Phase angle analysis is also known to be useful for evaluating the nutritional status. There was a significant association between a low phase angle and the nutritional risk, hospitalization length, and mortality rate. In patients with pancreatic cancer, the phase angle has been shown to be a better predictor of mortality than the traditional nutrition index [29] or weight loss, because the change in the phase angle that occurs before cachexia appears earlier than weight loss [29]. A low phase angle indicates the presence of malnutrition and reflects the development of edema due to acute inflammation or hypoalbuminemia [30].

In this study, we used the GNRI for the assessment of the nutritional status. The GNRI is an indicator of the nutritional status as reported by Bouillanne et al. [15], and a value of 98 or higher is considered to indicate a good nutritional status. In this study, the mean GNRI of the participants was lower than 98, and both male and female participants were considered to have malnutrition. It has been reported that malnutrition often occurs after stroke and that the nutritional status in the acute phase affects functional recovery [31]. This study evaluated the nutritional status in the stroke rehabilitation unit. As a result, it became clear that the nutritional status also affected functional recovery. Malnutrition has been reported to be caused by starvation, acute illness, and chronic illness [32], and patients undergoing stroke rehabilitation may have any of these conditions.

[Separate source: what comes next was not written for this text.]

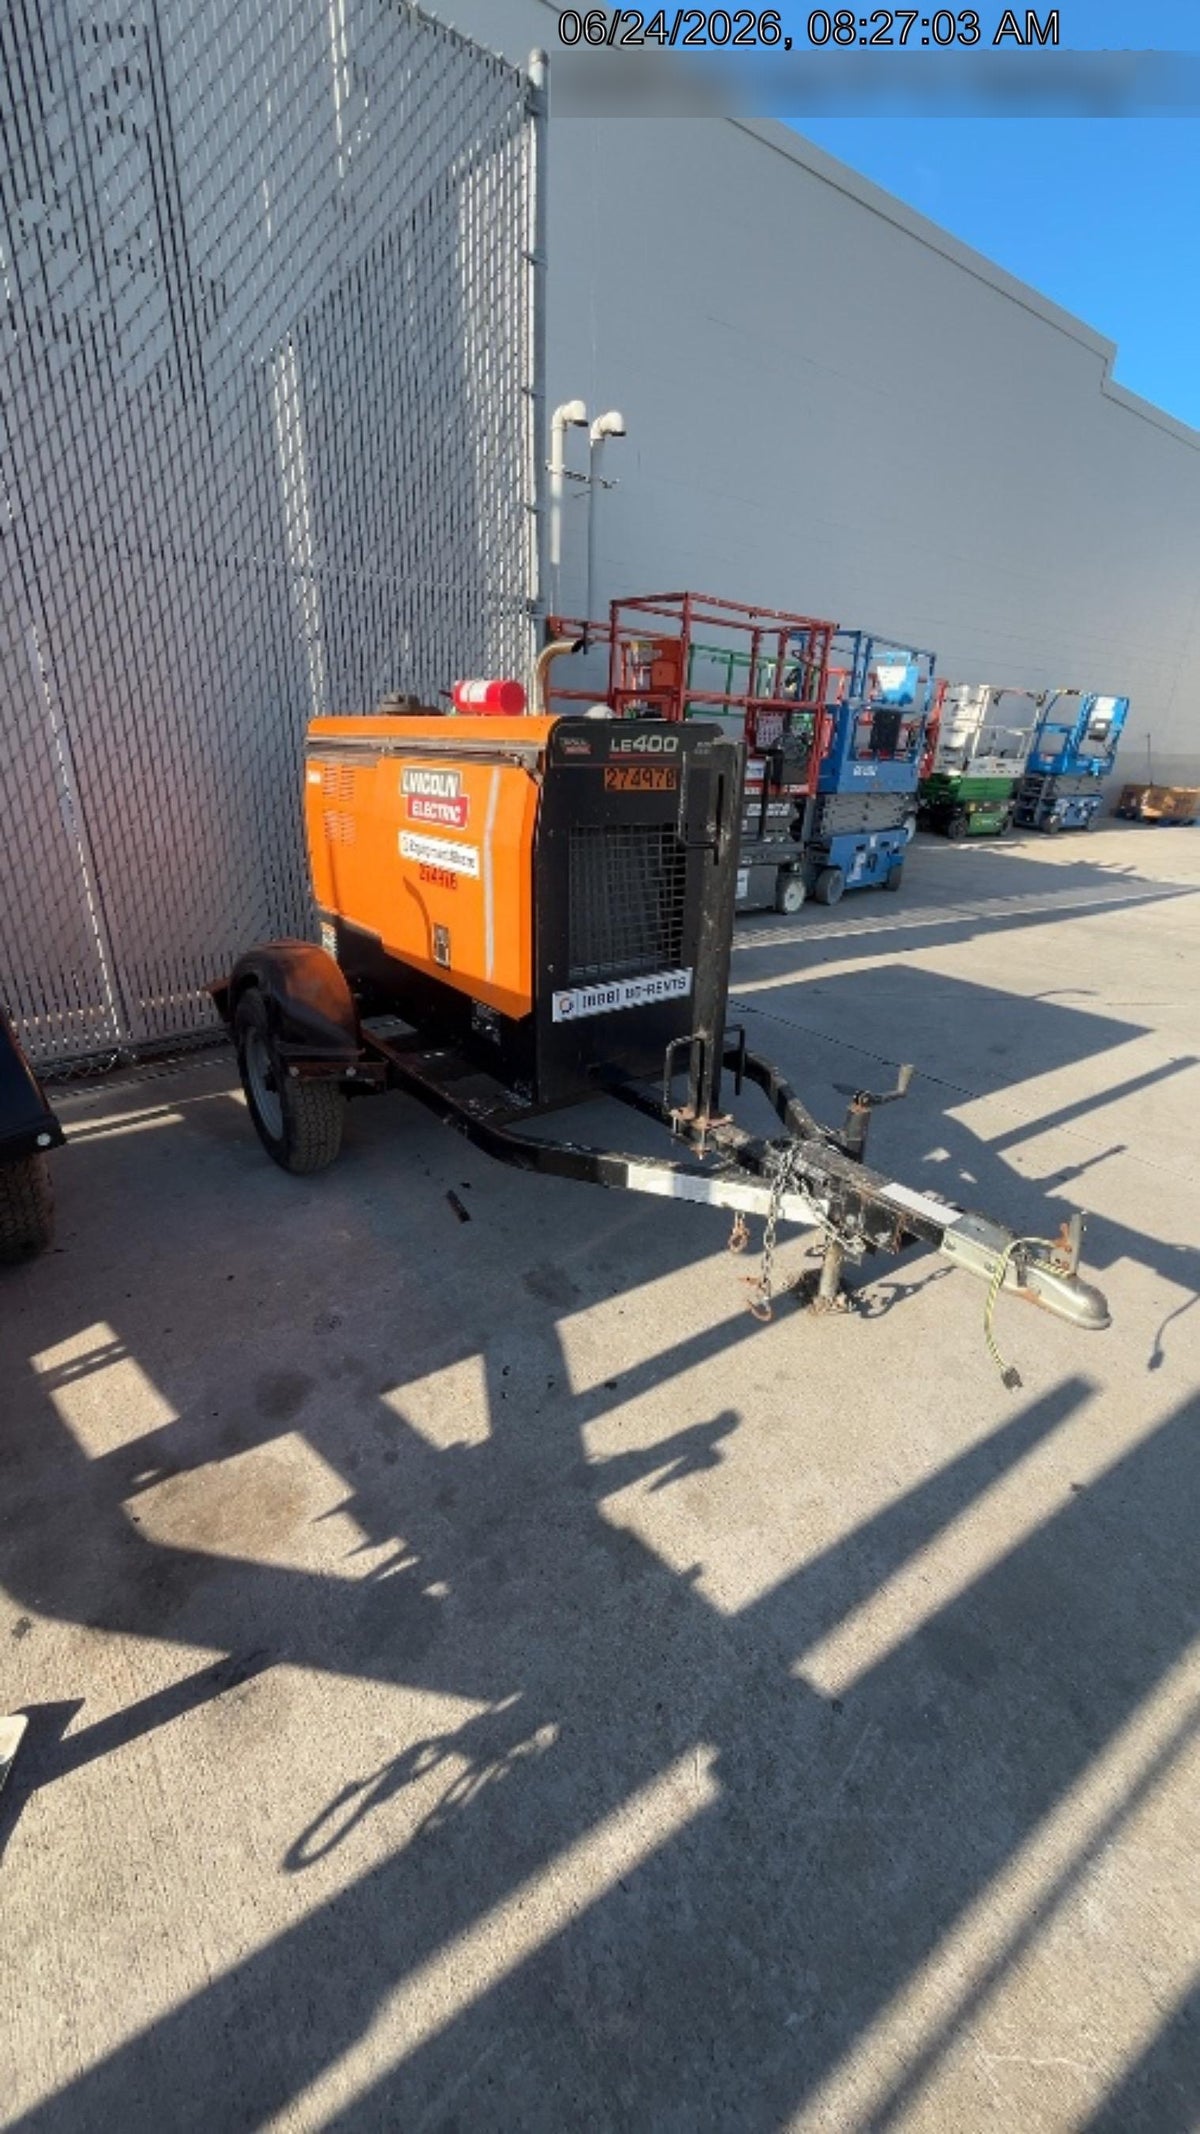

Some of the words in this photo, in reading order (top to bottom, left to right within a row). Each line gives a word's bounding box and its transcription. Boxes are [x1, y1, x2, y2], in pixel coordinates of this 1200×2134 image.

[610, 735, 679, 753] LE400
[402, 769, 458, 799] LINCOLN
[411, 799, 461, 824] ELECTRIC

In other words, the patients are elderly stroke patients, often suffering from nutritional deficiencies after acute treatment and chronic diseases such as chronic heart failure. These can all cause malnutrition. It has been reported that elderly people require more protein than younger adults, that the reduction in protein associated with malnutrition may reduce muscle mass [33], and that the combination of protein intake and exercise therapy can increase muscle mass in elderly people [34]. In the present study, we reported that stroke patients with a low GNRI had poor functional recovery after rehabilitation. Additionally, the results suggested that the evaluation of muscle mass related to functional recovery and nutrition intervention is necessary. However, it is possible that stroke patients with cachexia had a low GNRI. The effect of rehabilitation on cachexia is not known [35]. Mobility in stroke patients with cachexia having a low GNRI may have been poor because it is difficult to obtain positive effects of rehabilitation in these patients. However, we also report that there was no relationship between body water composition and functional recovery. It may be necessary to examine the relationship between cachexia and body water composition.

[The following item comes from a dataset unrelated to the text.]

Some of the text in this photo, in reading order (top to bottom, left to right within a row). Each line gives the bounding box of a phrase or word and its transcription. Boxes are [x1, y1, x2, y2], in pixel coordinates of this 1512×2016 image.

There are several limitations in this study. First, we did not follow changes in body composition and nutritional status. It is necessary to examine how body composition and nutritional state change as function recovers, and we wish to assess these changes in the future. Second, we only evaluated muscle mass and not muscle strength. It has recently been reported that muscle mass does not always reflect muscle strength [10,11,12], and thus, further study is necessary.

5. Conclusions

From this study, it is clear that the nutritional status and muscle mass at the start of intensive stroke rehabilitation exerted considerable influence on functional recovery. This indicates that nutritional management and rehabilitation for maintenance of muscle quality are important in the acute phase of stroke. Although the phase angle is used as a prognostic factor for various diseases, it is useful for predicting the functional prognosis of stroke patients.